Description of the task:
Make an exact copy of all the data.

Stored data entries

* * *

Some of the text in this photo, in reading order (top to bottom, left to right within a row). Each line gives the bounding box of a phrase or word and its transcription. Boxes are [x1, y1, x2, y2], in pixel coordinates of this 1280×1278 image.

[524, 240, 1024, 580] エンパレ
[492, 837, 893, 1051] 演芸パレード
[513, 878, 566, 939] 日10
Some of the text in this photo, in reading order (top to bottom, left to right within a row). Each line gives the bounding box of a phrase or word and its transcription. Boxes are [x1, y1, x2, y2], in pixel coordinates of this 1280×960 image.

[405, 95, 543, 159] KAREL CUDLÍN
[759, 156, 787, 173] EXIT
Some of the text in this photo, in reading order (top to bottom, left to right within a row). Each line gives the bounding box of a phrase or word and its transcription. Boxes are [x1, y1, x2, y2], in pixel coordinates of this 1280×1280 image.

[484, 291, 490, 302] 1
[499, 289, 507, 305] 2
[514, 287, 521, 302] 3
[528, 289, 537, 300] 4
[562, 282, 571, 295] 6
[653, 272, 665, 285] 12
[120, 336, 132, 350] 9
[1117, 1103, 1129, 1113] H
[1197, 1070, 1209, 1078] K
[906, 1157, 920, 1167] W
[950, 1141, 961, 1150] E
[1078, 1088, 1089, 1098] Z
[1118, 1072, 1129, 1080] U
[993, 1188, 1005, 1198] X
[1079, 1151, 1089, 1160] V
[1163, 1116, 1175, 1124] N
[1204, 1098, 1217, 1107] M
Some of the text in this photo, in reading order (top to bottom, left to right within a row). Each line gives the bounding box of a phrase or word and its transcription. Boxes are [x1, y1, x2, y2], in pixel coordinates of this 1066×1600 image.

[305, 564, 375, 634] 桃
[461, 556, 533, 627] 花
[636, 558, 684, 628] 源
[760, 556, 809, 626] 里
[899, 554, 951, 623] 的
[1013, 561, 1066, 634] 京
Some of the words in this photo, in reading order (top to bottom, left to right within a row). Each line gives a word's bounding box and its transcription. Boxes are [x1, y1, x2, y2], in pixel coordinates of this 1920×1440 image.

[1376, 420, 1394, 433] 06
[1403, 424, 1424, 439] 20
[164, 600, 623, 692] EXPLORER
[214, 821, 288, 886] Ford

* * *

Answer space:
Some of the text in this photo, in reading order (top to bottom, left to right within a row). Each line gives the bounding box of a phrase or word and its transcription. Boxes are [x1, y1, x2, y2], in pixel coordinates of this 1280×1278 image.

[524, 240, 1024, 580] エンパレ
[492, 837, 893, 1051] 演芸パレード
[513, 878, 566, 939] 日10
Some of the text in this photo, in reading order (top to bottom, left to right within a row). Each line gives the bounding box of a phrase or word and its transcription. Boxes are [x1, y1, x2, y2], in pixel coordinates of this 1280×960 image.

[405, 95, 543, 159] KAREL CUDLÍN
[759, 156, 787, 173] EXIT
Some of the text in this photo, in reading order (top to bottom, left to right within a row). Each line gives the bounding box of a phrase or word and its transcription. Boxes are [x1, y1, x2, y2], in pixel coordinates of this 1280×1280 image.

[484, 291, 490, 302] 1
[499, 289, 507, 305] 2
[514, 287, 521, 302] 3
[528, 289, 537, 300] 4
[562, 282, 571, 295] 6
[653, 272, 665, 285] 12
[120, 336, 132, 350] 9
[1117, 1103, 1129, 1113] H
[1197, 1070, 1209, 1078] K
[906, 1157, 920, 1167] W
[950, 1141, 961, 1150] E
[1078, 1088, 1089, 1098] Z
[1118, 1072, 1129, 1080] U
[993, 1188, 1005, 1198] X
[1079, 1151, 1089, 1160] V
[1163, 1116, 1175, 1124] N
[1204, 1098, 1217, 1107] M
Some of the text in this photo, in reading order (top to bottom, left to right within a row). Each line gives the bounding box of a phrase or word and its transcription. Boxes are [x1, y1, x2, y2], in pixel coordinates of this 1066×1600 image.

[305, 564, 375, 634] 桃
[461, 556, 533, 627] 花
[636, 558, 684, 628] 源
[760, 556, 809, 626] 里
[899, 554, 951, 623] 的
[1013, 561, 1066, 634] 京
Some of the words in this photo, in reading order (top to bottom, left to right within a row). Each line gives a word's bounding box and its transcription. Boxes are [x1, y1, x2, y2], in pixel coordinates of this 1920×1440 image.

[1376, 420, 1394, 433] 06
[1403, 424, 1424, 439] 20
[164, 600, 623, 692] EXPLORER
[214, 821, 288, 886] Ford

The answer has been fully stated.